[[ Dataset extract open ]]

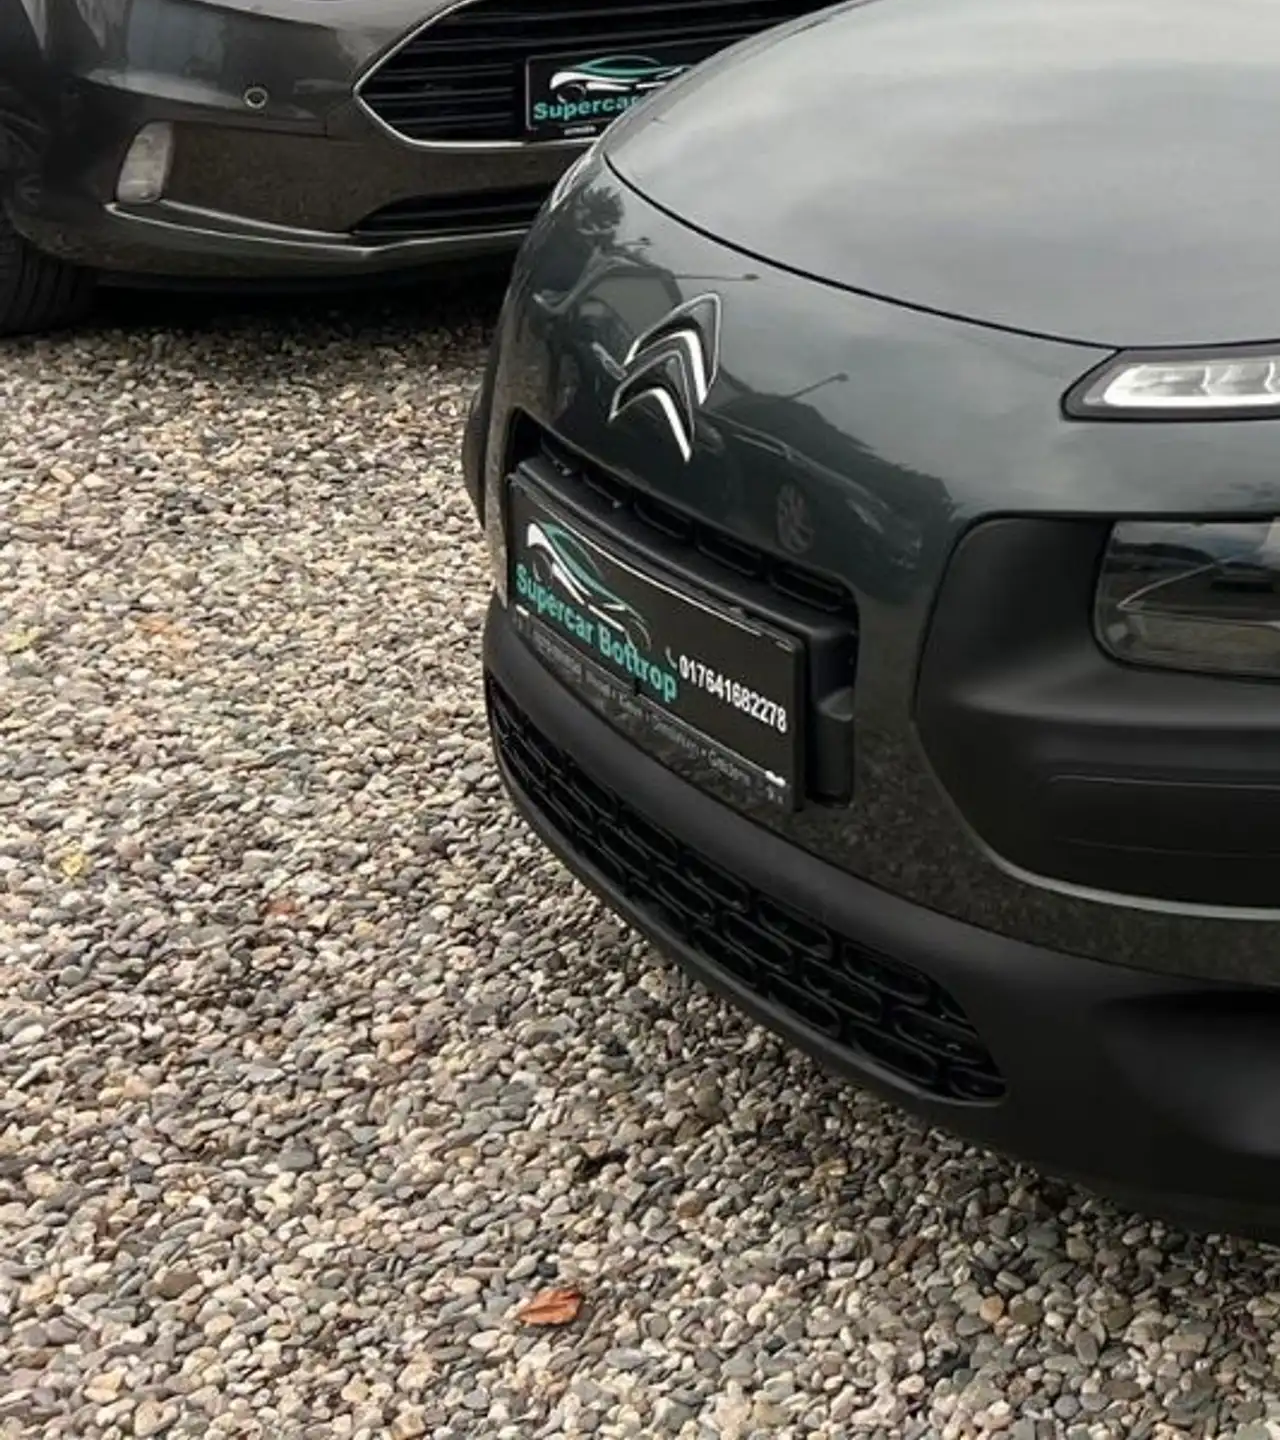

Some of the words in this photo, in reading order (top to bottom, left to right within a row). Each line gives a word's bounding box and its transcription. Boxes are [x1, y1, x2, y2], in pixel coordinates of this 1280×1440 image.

[534, 95, 641, 121] Supercar
[516, 563, 595, 645] Supercar
[598, 623, 677, 703] Bottrop
[679, 654, 787, 734] 017641682278
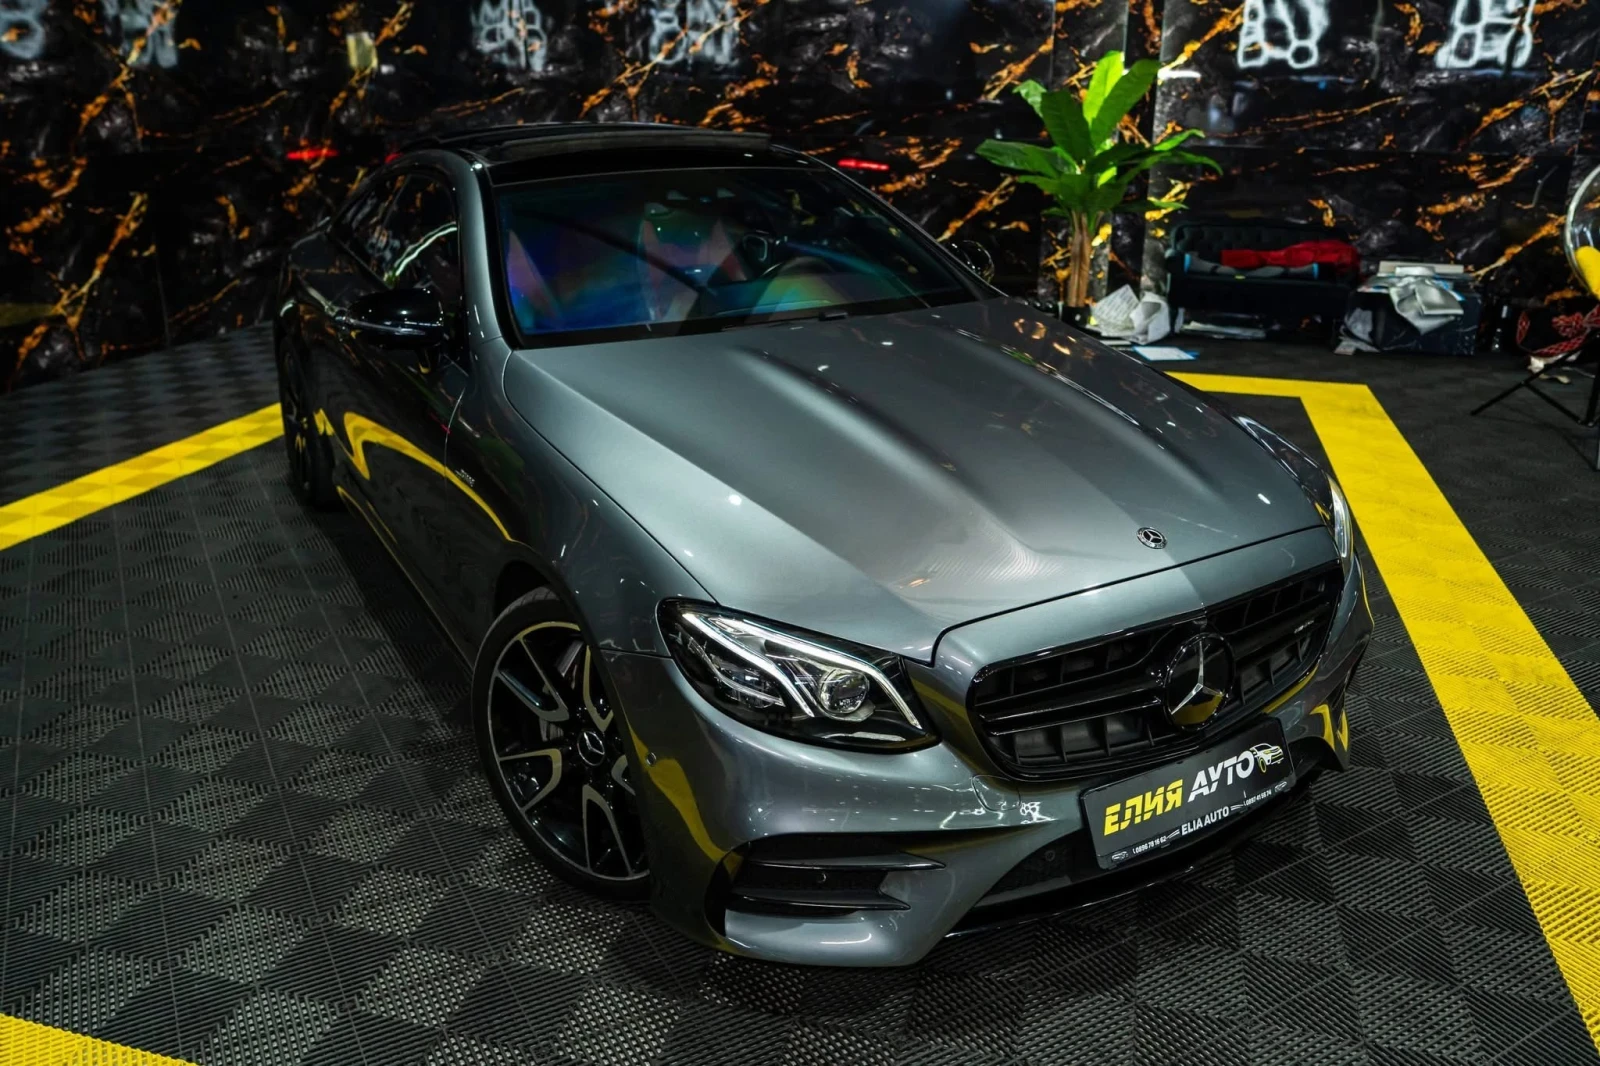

[[ Dataset extract closed ]]

> Exercise:
Print out every entry above without changing a word, and leave out the pictures.

> Result below:
Some of the words in this photo, in reading order (top to bottom, left to right within a row). Each line gives a word's bounding box and its transcription. Boxes are [x1, y1, x2, y2], in pixel coordinates of this 1280×1440 image.

[534, 95, 641, 121] Supercar
[516, 563, 595, 645] Supercar
[598, 623, 677, 703] Bottrop
[679, 654, 787, 734] 017641682278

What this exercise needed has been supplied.